Aratus was asked by the Macedonian king Antigonus Gonatas (320 – 239 BC) to compile a handbook on stars and constellations. The resulting work, entitled Phaenomena (Appearances on the Sky) is in hexametric verse and presents an overview of the entire astronomical knowledge of Aratus’s time in polished poetic language. It was highly esteemed, and survives in many copies, often with commentaries. An early example is a fragment of a 4th-century papyrus codex that contained the poem with notes on the right-hand margin.
The popularity of this work is also demonstrated by the fact that the Phaenomena is the only pagan poetic text that is explicitly referred to in the New Testament. In the Acts of the Apostles, when Paul speaks to the Athenians on the Areopagus, his speech begins with a quotation from ‘one of the poets’ of the Greeks. The unnamed poet was in fact Aratus. Paul cites from line 5 of his Phaenomena claiming that ‘we are all offspring’ of a supreme God (Acts 17: 28).
It was perhaps this wide-reaching popularity of Aratus’s poem that attracted Cicero to translate it into Latin at the very beginning of his career. His translation became known as the Aratea, after the original Greek poet. Unfortunately, Cicero’s translation does not survive in its entirety; the prologue and several other portions of the work are now lost and less than half of the original text has eventually come down to us. However, what the manuscripts did preserve is the illustrative tradition of the text, which may date from Late Antiquity.
One of the earliest and fullest copies of Cicero’s Latin translation of Aratus’s poem is a manuscript made in the early 9th century (Harley MS 647). The manuscript preserves a carefully edited text: Cicero’s Latin verses are arranged in blocks copied on the lower half of the page in Caroline minuscule. Above, there are lavish coloured illustrations, which contain explanatory notes written in old-fashioned Roman rustic capitals inside the images. The work, therefore, is both useful and beautiful, as is apparent in the section on the constellation Cygnus the swan.

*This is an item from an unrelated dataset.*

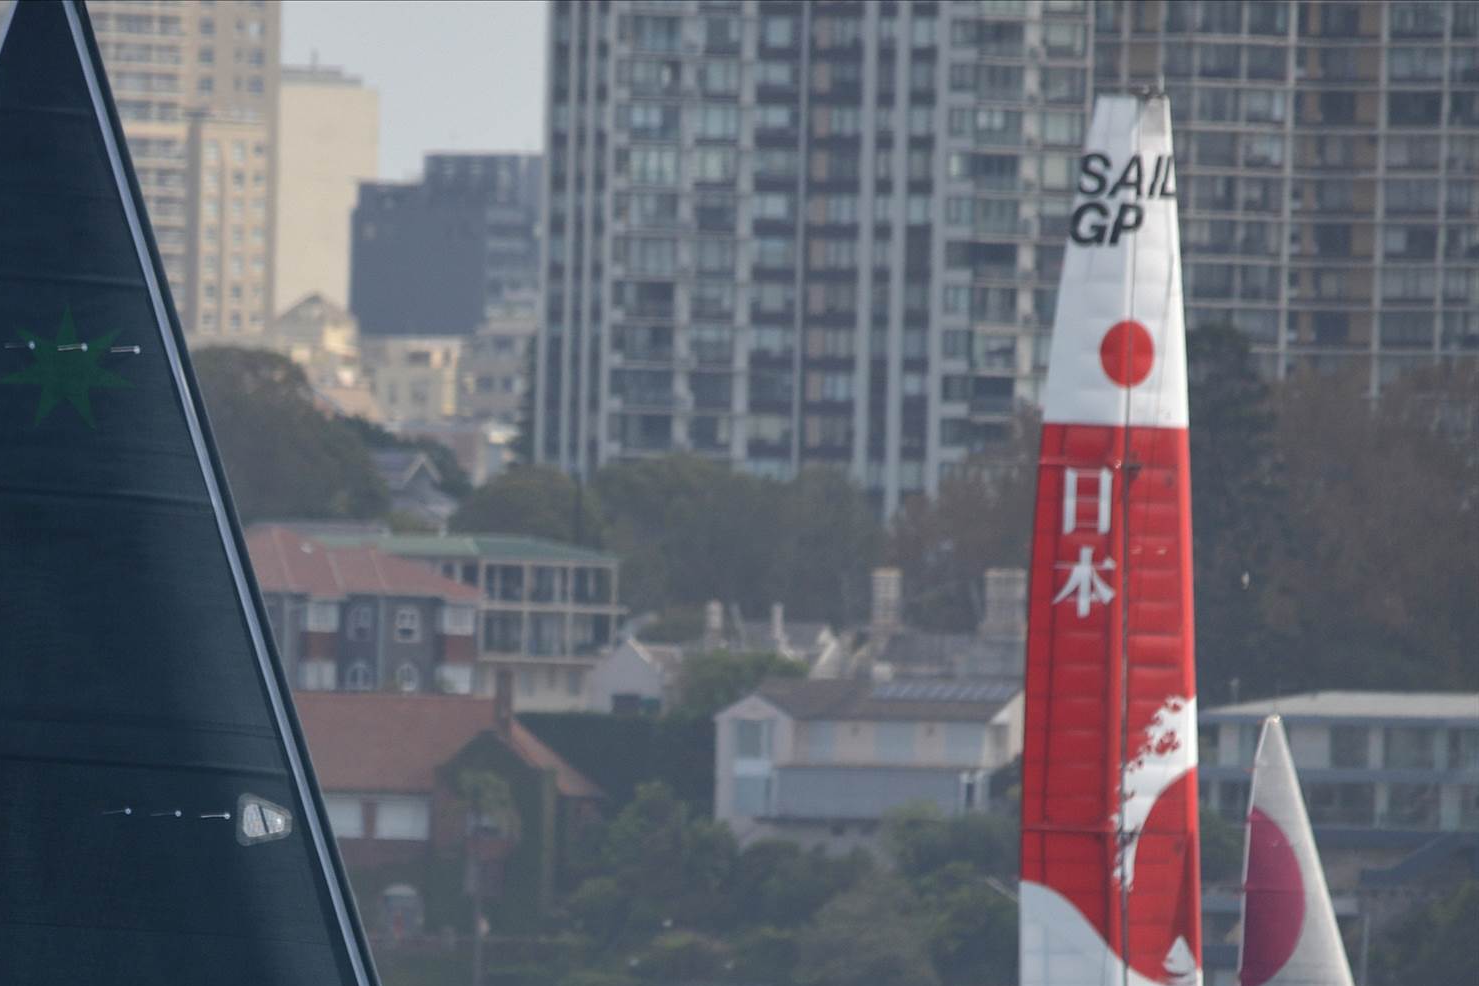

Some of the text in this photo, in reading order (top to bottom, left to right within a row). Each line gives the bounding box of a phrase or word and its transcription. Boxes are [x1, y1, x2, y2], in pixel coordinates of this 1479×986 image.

This early layout comprising text, illustration and commentary proved very successful. It had a long afterlife surviving in a number of later manuscripts, such as a deluxe copy produced at a Benedictine abbey in Peterborough around 1122. This adaptation of Cicero’s Aratea shows a similar layout to the manuscript 300 years earlier but the illustrations are now drawn in pen, without colours except for red dots marking the stars of the constellation.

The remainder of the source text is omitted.